WHAT IS BEING ASKED → When you reach the records below, repeat each one exactly as written.

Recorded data
----

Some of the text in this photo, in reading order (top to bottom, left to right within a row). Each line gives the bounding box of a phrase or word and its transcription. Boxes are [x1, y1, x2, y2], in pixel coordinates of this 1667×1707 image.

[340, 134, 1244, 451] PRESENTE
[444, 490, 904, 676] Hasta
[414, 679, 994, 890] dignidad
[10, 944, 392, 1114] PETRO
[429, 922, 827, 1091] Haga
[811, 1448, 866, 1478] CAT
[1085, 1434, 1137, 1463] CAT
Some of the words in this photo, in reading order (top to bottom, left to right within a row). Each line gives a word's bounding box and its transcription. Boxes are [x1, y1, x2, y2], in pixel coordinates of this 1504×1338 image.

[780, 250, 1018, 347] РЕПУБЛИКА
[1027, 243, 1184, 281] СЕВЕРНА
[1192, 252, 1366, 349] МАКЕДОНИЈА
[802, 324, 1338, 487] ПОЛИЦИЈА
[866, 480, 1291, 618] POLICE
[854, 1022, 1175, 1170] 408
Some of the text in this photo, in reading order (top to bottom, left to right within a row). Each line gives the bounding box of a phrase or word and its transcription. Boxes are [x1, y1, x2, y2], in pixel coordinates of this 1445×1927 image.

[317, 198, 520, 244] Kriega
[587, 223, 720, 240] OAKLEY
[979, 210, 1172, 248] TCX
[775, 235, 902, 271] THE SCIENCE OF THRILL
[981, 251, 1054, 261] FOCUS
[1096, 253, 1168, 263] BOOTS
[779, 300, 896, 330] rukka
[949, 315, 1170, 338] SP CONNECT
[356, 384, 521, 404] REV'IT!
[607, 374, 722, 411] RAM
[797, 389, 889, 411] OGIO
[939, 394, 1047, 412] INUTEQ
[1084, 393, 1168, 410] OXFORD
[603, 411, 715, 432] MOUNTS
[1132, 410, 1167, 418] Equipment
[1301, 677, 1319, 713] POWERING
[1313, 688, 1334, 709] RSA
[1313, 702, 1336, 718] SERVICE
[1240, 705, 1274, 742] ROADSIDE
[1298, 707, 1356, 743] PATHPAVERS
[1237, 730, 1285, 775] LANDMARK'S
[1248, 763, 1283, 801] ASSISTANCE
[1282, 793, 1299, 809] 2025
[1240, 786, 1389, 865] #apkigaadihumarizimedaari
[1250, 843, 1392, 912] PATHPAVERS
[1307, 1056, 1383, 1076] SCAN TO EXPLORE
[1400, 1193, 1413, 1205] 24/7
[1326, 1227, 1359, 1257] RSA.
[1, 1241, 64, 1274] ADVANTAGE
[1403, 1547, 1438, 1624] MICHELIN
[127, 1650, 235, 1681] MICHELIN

----

ANSWER BELOW →
Some of the text in this photo, in reading order (top to bottom, left to right within a row). Each line gives the bounding box of a phrase or word and its transcription. Boxes are [x1, y1, x2, y2], in pixel coordinates of this 1667×1707 image.

[340, 134, 1244, 451] PRESENTE
[444, 490, 904, 676] Hasta
[414, 679, 994, 890] dignidad
[10, 944, 392, 1114] PETRO
[429, 922, 827, 1091] Haga
[811, 1448, 866, 1478] CAT
[1085, 1434, 1137, 1463] CAT
Some of the words in this photo, in reading order (top to bottom, left to right within a row). Each line gives a word's bounding box and its transcription. Boxes are [x1, y1, x2, y2], in pixel coordinates of this 1504×1338 image.

[780, 250, 1018, 347] РЕПУБЛИКА
[1027, 243, 1184, 281] СЕВЕРНА
[1192, 252, 1366, 349] МАКЕДОНИЈА
[802, 324, 1338, 487] ПОЛИЦИЈА
[866, 480, 1291, 618] POLICE
[854, 1022, 1175, 1170] 408
Some of the text in this photo, in reading order (top to bottom, left to right within a row). Each line gives the bounding box of a phrase or word and its transcription. Boxes are [x1, y1, x2, y2], in pixel coordinates of this 1445×1927 image.

[317, 198, 520, 244] Kriega
[587, 223, 720, 240] OAKLEY
[979, 210, 1172, 248] TCX
[775, 235, 902, 271] THE SCIENCE OF THRILL
[981, 251, 1054, 261] FOCUS
[1096, 253, 1168, 263] BOOTS
[779, 300, 896, 330] rukka
[949, 315, 1170, 338] SP CONNECT
[356, 384, 521, 404] REV'IT!
[607, 374, 722, 411] RAM
[797, 389, 889, 411] OGIO
[939, 394, 1047, 412] INUTEQ
[1084, 393, 1168, 410] OXFORD
[603, 411, 715, 432] MOUNTS
[1132, 410, 1167, 418] Equipment
[1301, 677, 1319, 713] POWERING
[1313, 688, 1334, 709] RSA
[1313, 702, 1336, 718] SERVICE
[1240, 705, 1274, 742] ROADSIDE
[1298, 707, 1356, 743] PATHPAVERS
[1237, 730, 1285, 775] LANDMARK'S
[1248, 763, 1283, 801] ASSISTANCE
[1282, 793, 1299, 809] 2025
[1240, 786, 1389, 865] #apkigaadihumarizimedaari
[1250, 843, 1392, 912] PATHPAVERS
[1307, 1056, 1383, 1076] SCAN TO EXPLORE
[1400, 1193, 1413, 1205] 24/7
[1326, 1227, 1359, 1257] RSA.
[1, 1241, 64, 1274] ADVANTAGE
[1403, 1547, 1438, 1624] MICHELIN
[127, 1650, 235, 1681] MICHELIN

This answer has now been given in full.